In the present work, we have combined two powerful and complementary methods for identifying binding site hot spots on the surface of Ras in its GTP-bound state. MSCS identified eight clusters, two of which are in the effector lobe (clusters 3 and 6), one in the allosteric lobe (cluster 2) and the remaining five, the majority, are in the interlobal region (clusters 1, 4, 5, 7 and 8). Only clusters 1 and 2, the strongest MSCS hot spots, were also present in the FTMap of the “off” state. Cluster 3 represents a hot spot for Ras binding domains such as the Raf-RBD, but targeting this site would be challenging due to its highly polar nature and the flexibility of the nearby switch I region in solution. Nonetheless, any attempt would benefit from the inclusion of the conserved water molecules as part of the protein template or a requirement that the ligand mimic the conserved water interactions with the protein. FTMap does not identify cluster 3, perhaps due to the fact that conserved water molecules were not included in the calculations. Also, it is in extensive crystal contacts between two Ras molecules in the crystal, whereas the FTMap only considered one molecule in the calculations. However, this is also the case for cluster 2, which FTMap picked up as a significant site.

MSCS clusters 4, 5, 6, 7 and 8 appear to be weaker hot spots with only two bound organic solvent molecules each in the MSCS data set. It is therefore not surprising that they do not appear in the FTMap calculations finding strong hot spots that are likely to be druggable.33 With the exception of cluster 6, these clusters are found in the interlobal region and are sites of interaction with protein binding partners of Ras. Interestingly, several are occupied simultaneously with one of the stronger hot spots (e.g., 3 and 7 in the case of Raf-RBD-CRD and 3, 5, 6 and 8 in the case of RasGAP). These weaker hot spots at the interlobal region provide valuable information because although they are unlikely to be good targets as individual sites, they could be targeted as a group or could be used in conjunction with one of the stronger sites in ligand design. What MSCS provides here is the location of hot spots at protein/protein interfaces, such as that of Ras/RasGAP, which might effectively be targeted by relatively small molecules. The interlobal region is particularly interesting in that the hot spots are close together and that ligand binding to multiple sites might be possible to shift the population equilibrium to the “on” state. This would be expected to facilitate hydrolysis of GTP, even in the context of a complex such as Ras/Raf, as effector binding sites are limited to the effector domain, leaving the interlobal sites largely unoccupied.

The FTMap calculations identified hot spots primarily on the allosteric lobe.
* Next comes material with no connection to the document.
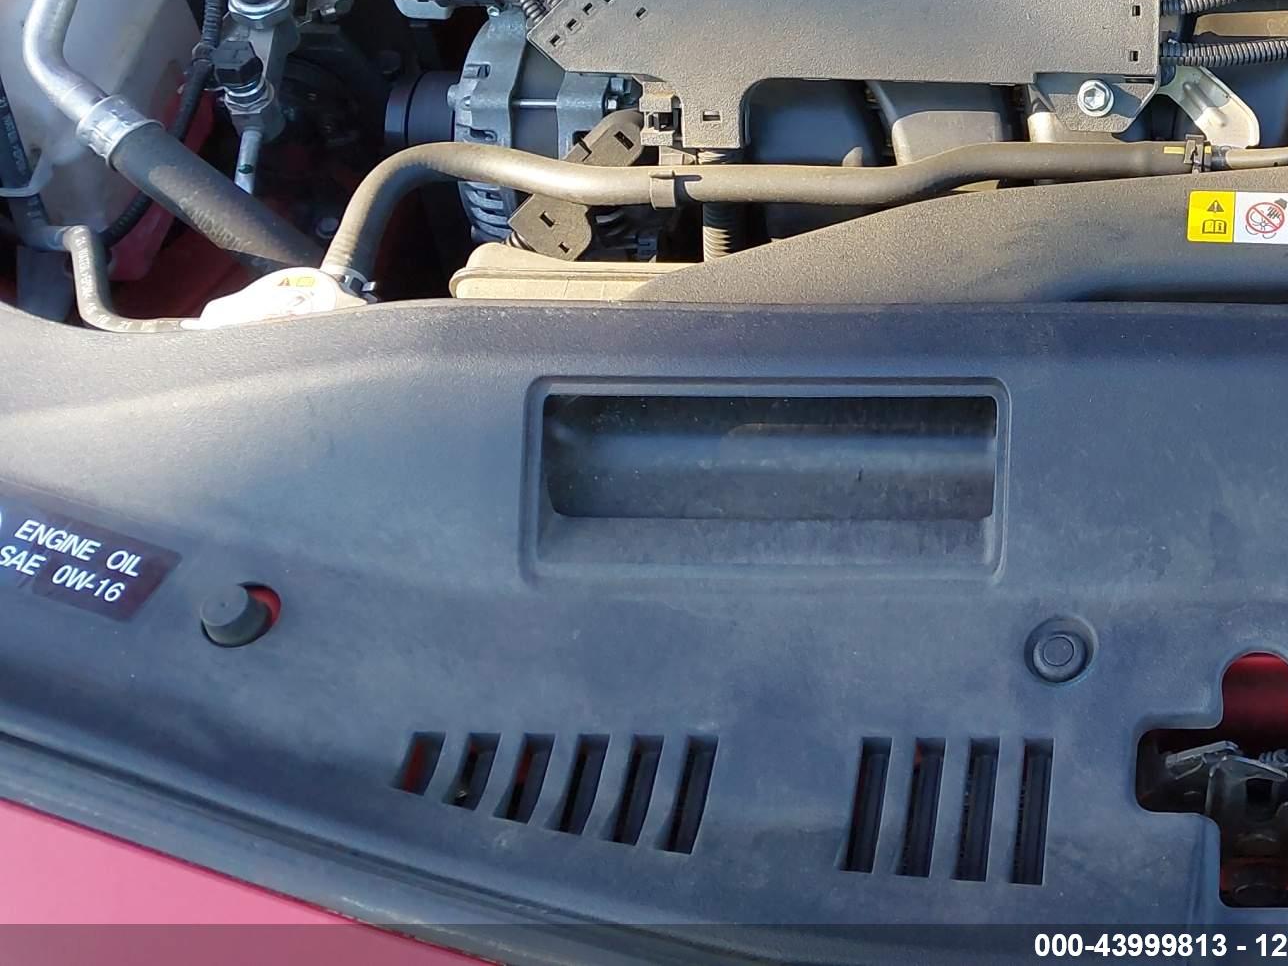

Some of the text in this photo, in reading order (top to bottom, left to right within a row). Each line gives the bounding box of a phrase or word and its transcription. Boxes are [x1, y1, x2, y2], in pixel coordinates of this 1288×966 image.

[0, 545, 126, 602] SAE 0W-16
[14, 519, 142, 577] ENGINE OIL
Of the seven clusters identified by FTMap, only one is in the effector lobe (the Y71 site), and one is in the interlobal region (overlapping with MSCS cluster 1). These two sites are on either side of the highly flexible switch II, and for this reason, it may be difficult to target the “on” states selectively. For example, although one might reason that ligand binding at the cluster 1 site could promote a GAP-bound-like conformation of the “on” state based on the fact that it is the strongest FTMap cluster in the “on” state 1, our MSCS experiments show that organic solvents binding at this site appear to stabilize the “off” state with switch II in an anti-catalytic conformation.

The other five FTMap clusters are entirely within the allosteric lobe. The R128 and R135 sites between helix 4 and helix 5 have been established experimentally as important sites of protein/membrane interactions and, thus, could be targeted to interfere with signaling through this venue. The site between helix 3 and helix 4 (MSCS cluster 2) is also near the membrane and could be targeted in a similar way. The remaining two clusters identified by FTMap are near the allosteric site, on either side of loop 7. The allosteric site is highly polar and will be challenging to target, but any attempt should take into account the conserved water molecule found at this site. The loop 7 site appears only in the “on” state 2 and might be an interesting site to consider. Other than the loop 7 site, hot spots on the allosteric lobe appear both in the “off” and in at least one, if not both, “on” state. This is perhaps not surprising, given that the Ras interactions with the membrane are dependent on the state of the nucleotide rather than on conformational substates, with extensive interactions in Ras-GTP and less so in Ras-GDP.18

The highly dynamic nature of the effector lobe, particularly switch I and switch II, makes this region the least likely for successful ligand design. The extent of dynamics may be appreciated in Fig. 7b where blue coloring indicates extreme broadening of amide signals from residues in the effector lobe due to extensive conformational exchange. The residues affected less are shown as red spheres—they were amenable to quantitative measurements of spin relaxation. These residues collectively report on a correlated conformational exchange process, most likely, originating from the exchange-broadened effector lobe and penetrating deep into the G domain.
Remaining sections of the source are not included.